Medford v. State

Decision Date16 March 1921
Docket Number(No. 5846.)
Citation229 S.W. 504
PartiesMEDFORD v. STATE.
CourtTexas Court of Criminal Appeals

Appeal from District Court, Coryell County; J. H. Arnold, Judge.

I. W. Medford was convicted of murder, and appeals. Reversed and remanded.

McClellan & McClellan, of Gatesville, A. R. Eidson, of Hamilton, and Mears & Watkins, of Gatesville, for appellant.

H. E. Bell, of Gatesville, and Alvin M. Owsley, Asst. Atty. Gen., for the State.

MORROW, P. J.

Judgment is for murder. Punishment fixed at confinement in the penitentiary for 10 years.

R. J. Pieper was shot and killed by appellant. The facts are stated in the report of the former appeal. Medford v. State, 216 S. W. 175.

Shots were exchanged between the deceased and the appellant, the former using a shotgun and the latter a rifle. The occurrence took place in the presence of the members of the family of the parties respectively. The version given by the state's witnesses materially differs from that of the appellant testifying in his own behalf. On two previous trials, resulting more favorably to the appellant than the present one, his wife and son testified.

A continuance was sought because of the absence of these two witnesses. The sufficiency of the application as to diligence and materiality is not open to question. It was the first application, the issues were sharply drawn. There is no question but what the appellant's wife and son were eyewitnesses, and no ground developed upon which the court would have been authorized, as a matter of law, to treat the truth of their testimony as improbable. To avoid the continuance the state's counsel offered to permit the use of the report of the testimony of the witnesses upon the former trial which was the same as that set out in the application. The state's counsel did not offer to admit the truth of the testimony, but declined to do so. The appellant refused to waive his continuance, and the court overruled his motion.

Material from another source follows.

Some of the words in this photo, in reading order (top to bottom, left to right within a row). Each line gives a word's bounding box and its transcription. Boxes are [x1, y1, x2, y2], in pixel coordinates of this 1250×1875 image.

An application for a continuance because of the absence of witnesses, which complies with the statute and shows such reason for continuance or postponement as the trial court would be bound to grant, cannot be defeated by an admission upon the part of the state that the absent witnesses named in the application would, if present, give the testimony set out in the application. To have the effect desired, it would be necessary that the admission embrace not only the fact that the witness would give the testimony, but that the facts were true. This is the practice in other jurisdictions. Ruling Case Law, vol. 6, p. 569; Madison v. State, 6 Okl. Cr. 356, 118 Pac. 617, Ann. Cas 1913C, 484, and note. The rule received the sanction of the Supreme Court of this state in the early case of Hyde v. State, 16 Tex. 458, 67 Am. Dec. 630, and has been observed, so far as we are aware, without departure, by that court and this one. Skaro v. State, 43 Tex. 88; Hackett v. State, 13 Tex. App. 412; Francis v. State, 55 S. W. 489; Purvis v. State, 52 Tex. Cr. R. 316, 106 S. W. 355; Davis v. State, 65 Tex. Cr. R. 429, 144 S. W. 939; Roberts v. State, 65 Tex. Cr. R. 62, 143 S. W. 614; Davis v. State, 68 Tex. Cr. R. 400, 152 S. W. 1097; Branch's Ann. Penal Code, § 325.

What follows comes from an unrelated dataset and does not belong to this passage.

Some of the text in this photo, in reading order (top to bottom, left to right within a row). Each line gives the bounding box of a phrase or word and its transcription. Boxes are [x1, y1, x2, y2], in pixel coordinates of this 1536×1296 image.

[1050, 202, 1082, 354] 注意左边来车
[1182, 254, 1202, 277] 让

In cross-examination of the appellant, the state's counsel asked some leading questions assuming that certain evidence given by the state correctly related the facts. In reply the appellant denied the truth and stated:

"My wife testified she didn't, and my son testified he didn't."

The counsel for the state retorted:

"We object to what he testified about what his wife and son testified. Their testimony on a former trial is in the statement of facts, and we are willing that it all be read to the jury."

The appellant's counsel stated:

"His inference is plain before the jury that we have some fear of that testimony. The court knows our position, that we are entitled to be confronted with our witnesses. We object to his insinuating what would be contrary to truth."

The court asked the state's counsel if he intended to offer to permit the use of the written testimony before the jury and received an affirmative reply, and informed the counsel for the appellant, in the absence of the jury, that, in the event he failed to read the testimony, he would permit comment upon such failure in argument. Appellant, protesting the ruling and asserting his continued reliance upon his motion for continuance, introduced the written testimony of the absent witnesses. His conduct in so doing is relied upon by the state as a waiver of his motion for a continuance, to which he would otherwise have been entitled.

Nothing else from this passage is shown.